Houston Home Design Stalwart Moves Into a Stunning New Rice Village Space
Inside the New Mecox
By Anne Lee Phillips //
Photography Ana Hop
Ten years after Southampton home design mainstay Mecox debuted its Houston store, founder Mac Hoak and husband/Mecox VP Fred Perkins have moved locations from Highland Village to a stunning new space in Rice Village.
The airy 5,300-square-foot store stocks the full complement of beloved Southampton-inspired furniture, accessories, and luscious upholstery.
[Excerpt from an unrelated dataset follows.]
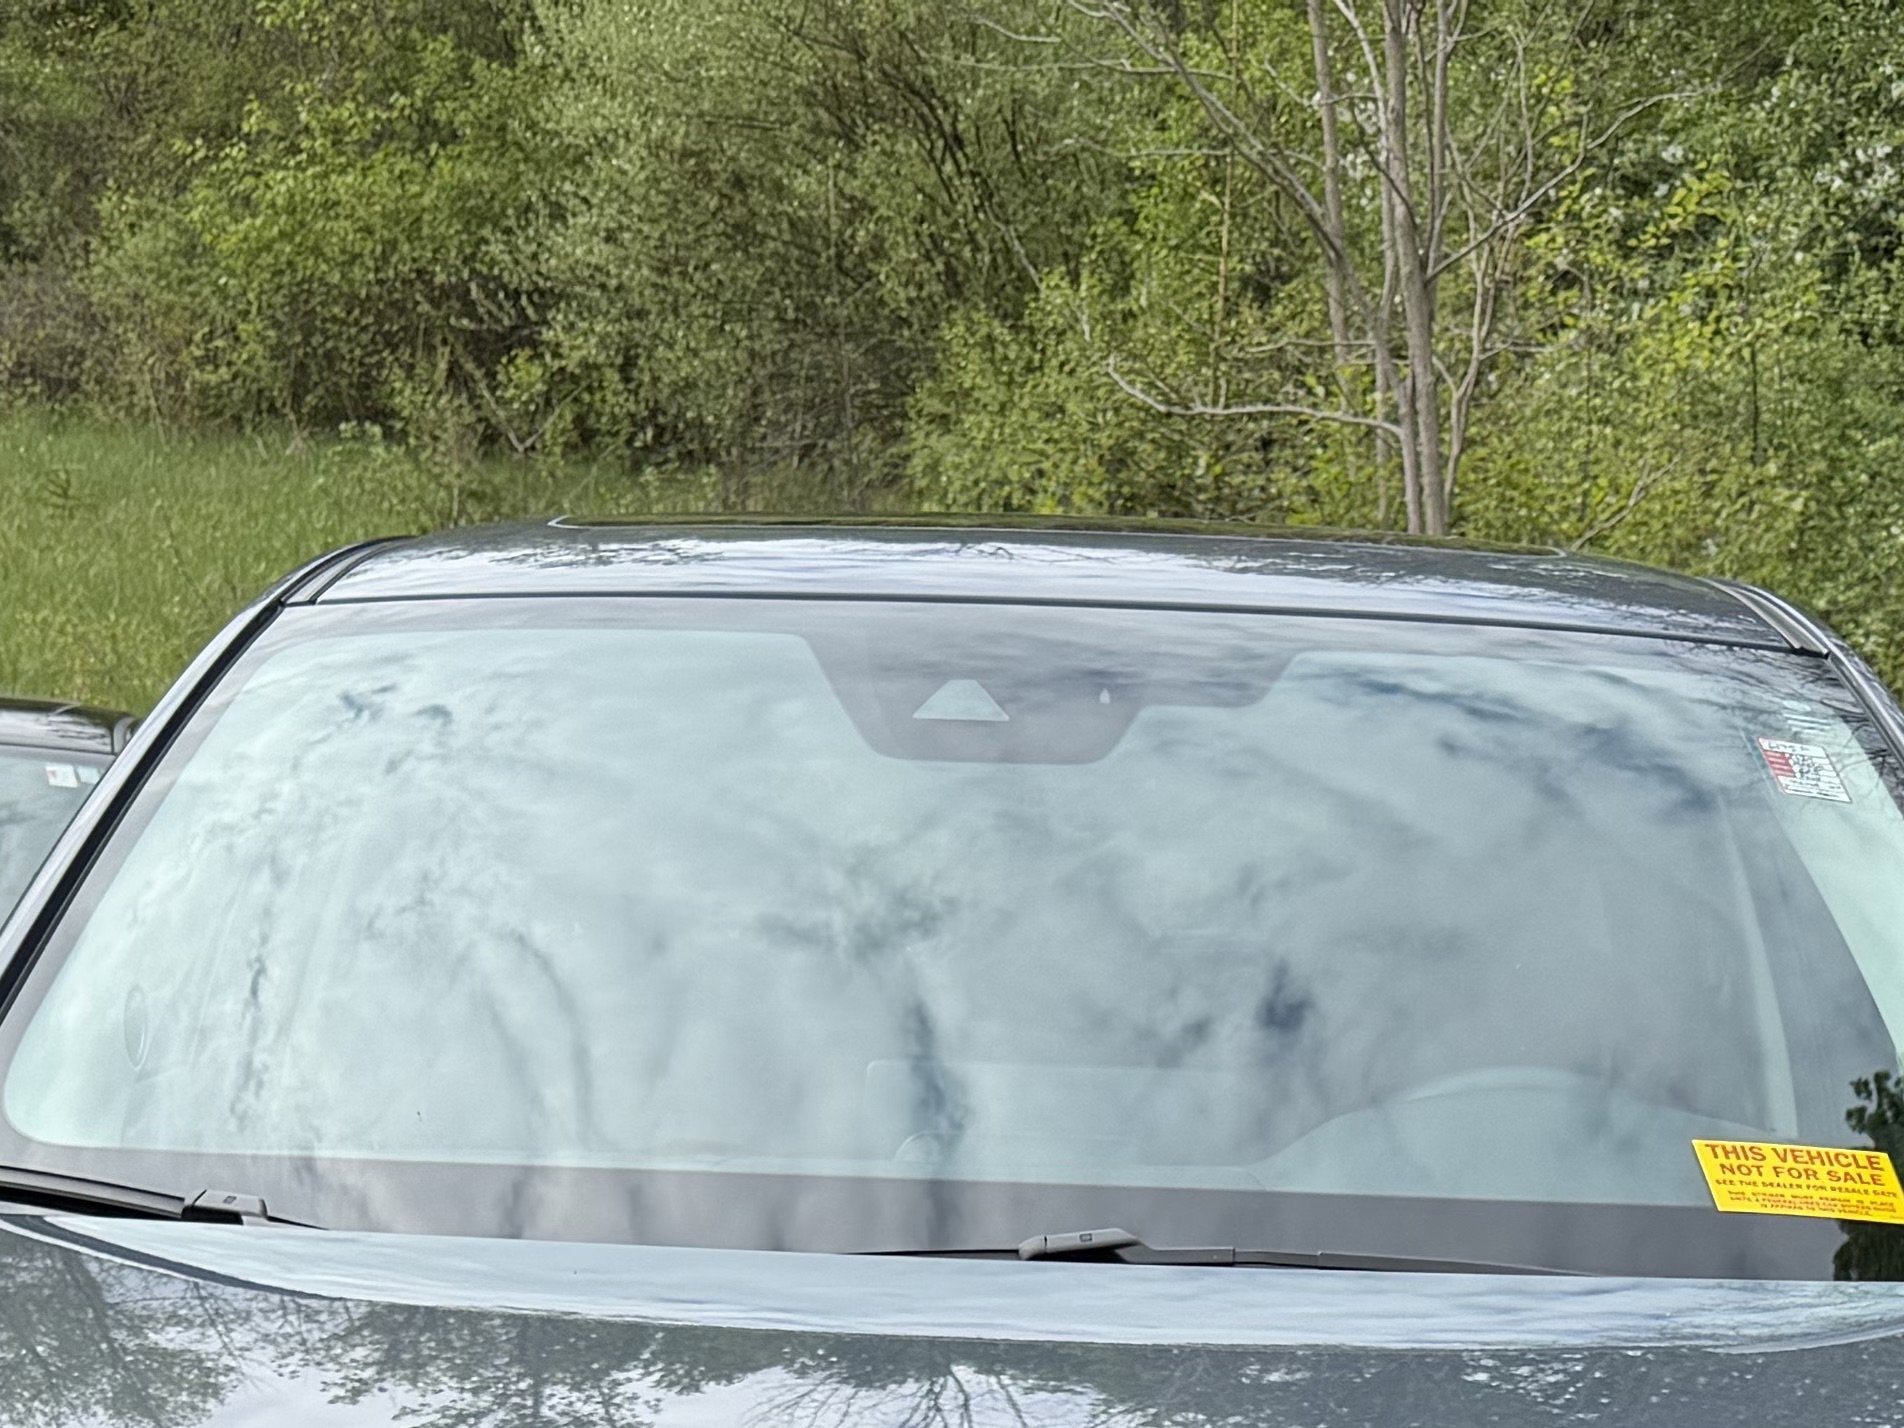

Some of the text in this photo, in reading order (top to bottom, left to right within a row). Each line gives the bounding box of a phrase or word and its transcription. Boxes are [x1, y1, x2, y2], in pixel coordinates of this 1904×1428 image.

[1704, 1143, 1885, 1171] THIS VEHICLE
[1719, 1163, 1885, 1186] NOT FOR SALE
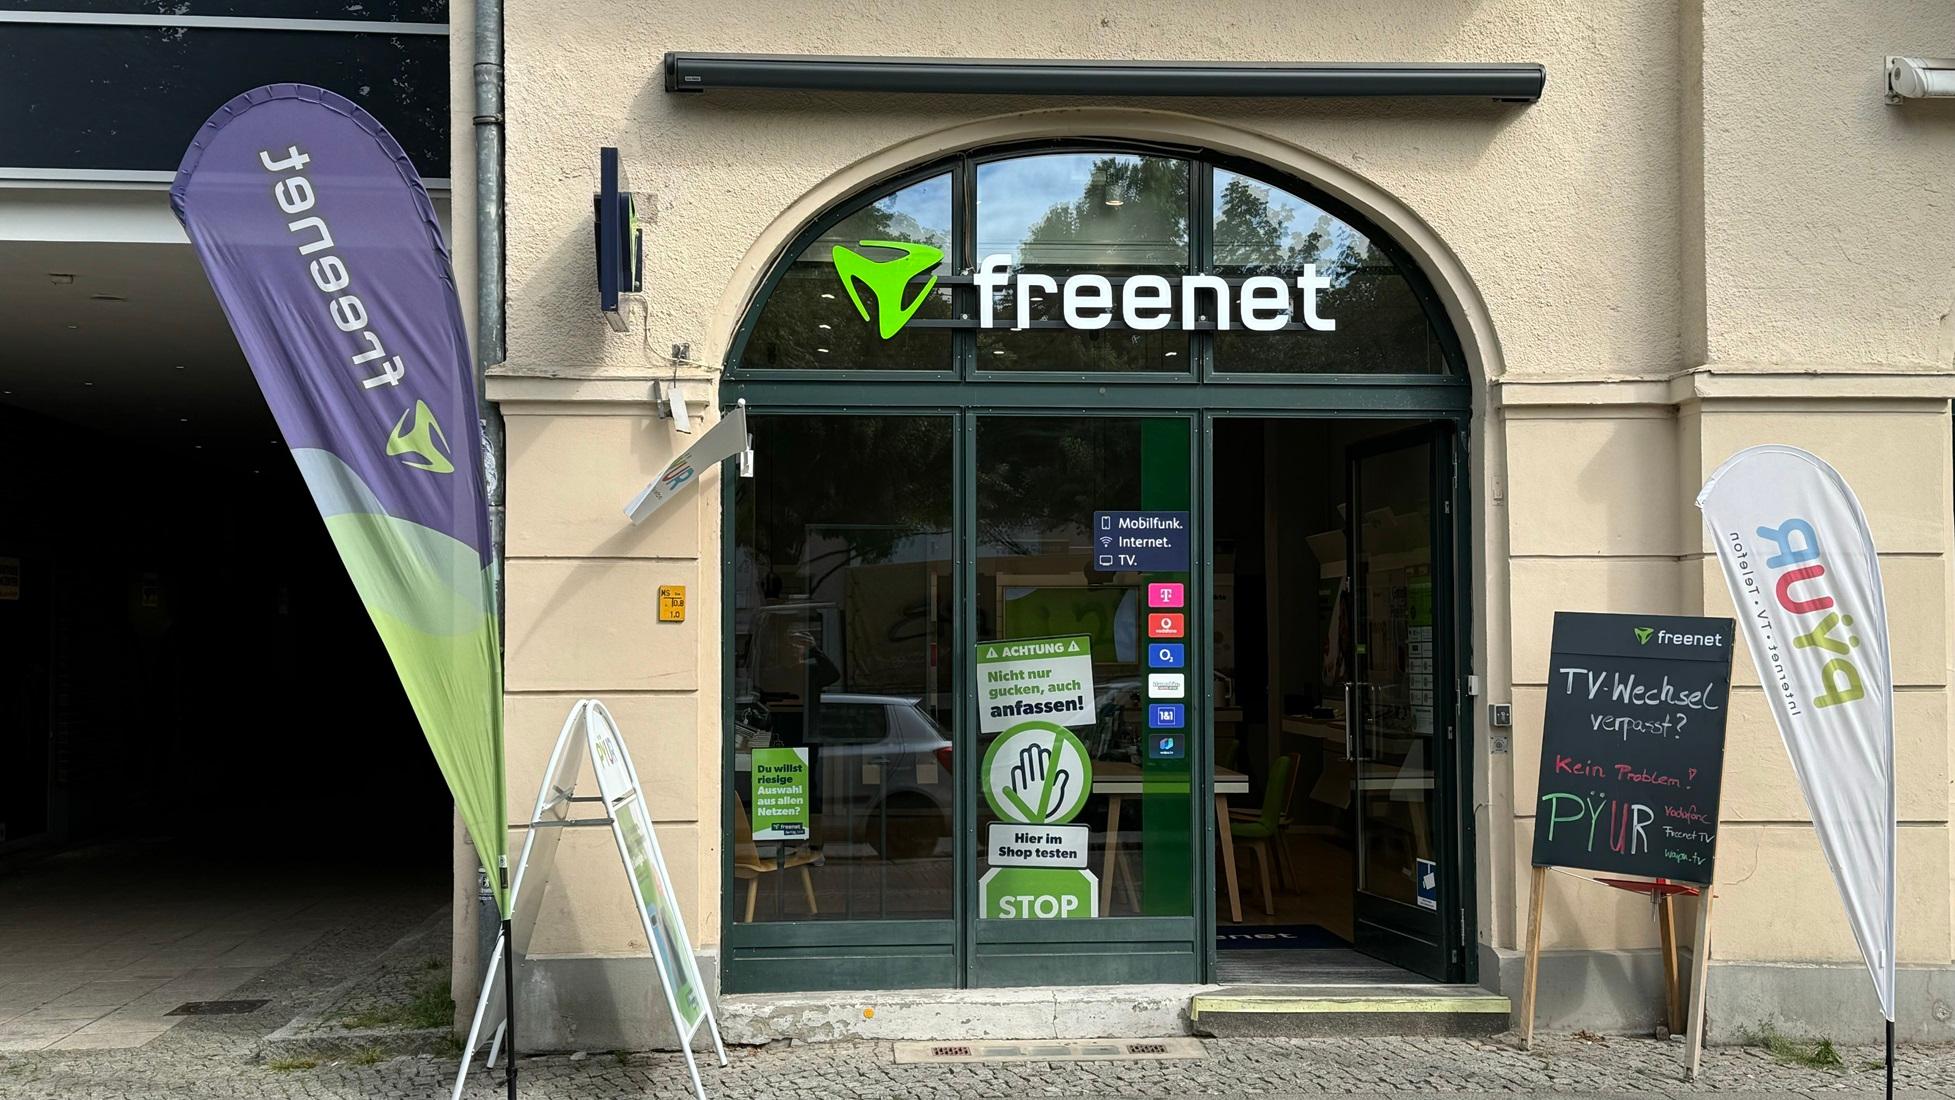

You’ll find their brilliantly arrayed antiques, found objects, Amanda Lindroth’s collection of rattan wares and Mecox’s PaperCity Design Award-winning private label Mecox Collection, as well.
Hoak opened the first Mecox (then called Mecox Gardens) in 1996 in Southampton, where it quickly became a haunt for designers with homes in the Hamptons. Hoak had been working in finance in Manhattan when he saw a vacant storefront, formerly occupied by a landscaping company, on Montauk Highway in Southampton.
“I was a novice gardener and had a grandfather who loved gardens, so I wanted to do something in that part of the world,” Hoak told PaperCity previously.
He leased the building, and soon added furniture and antiques to the gardening repertoire. Then-unknown young ceramicist Christopher Spitzmiller set up his potter’s wheel in the shop, and Mecox became the first to sell his hand-thrown lamps.
Today, with eight stores across the country, Hoak and Perkins now call Houston home, having settled in to a museum-area 1931 manor house designed by architect J.T. Rather, a John Staub protégé.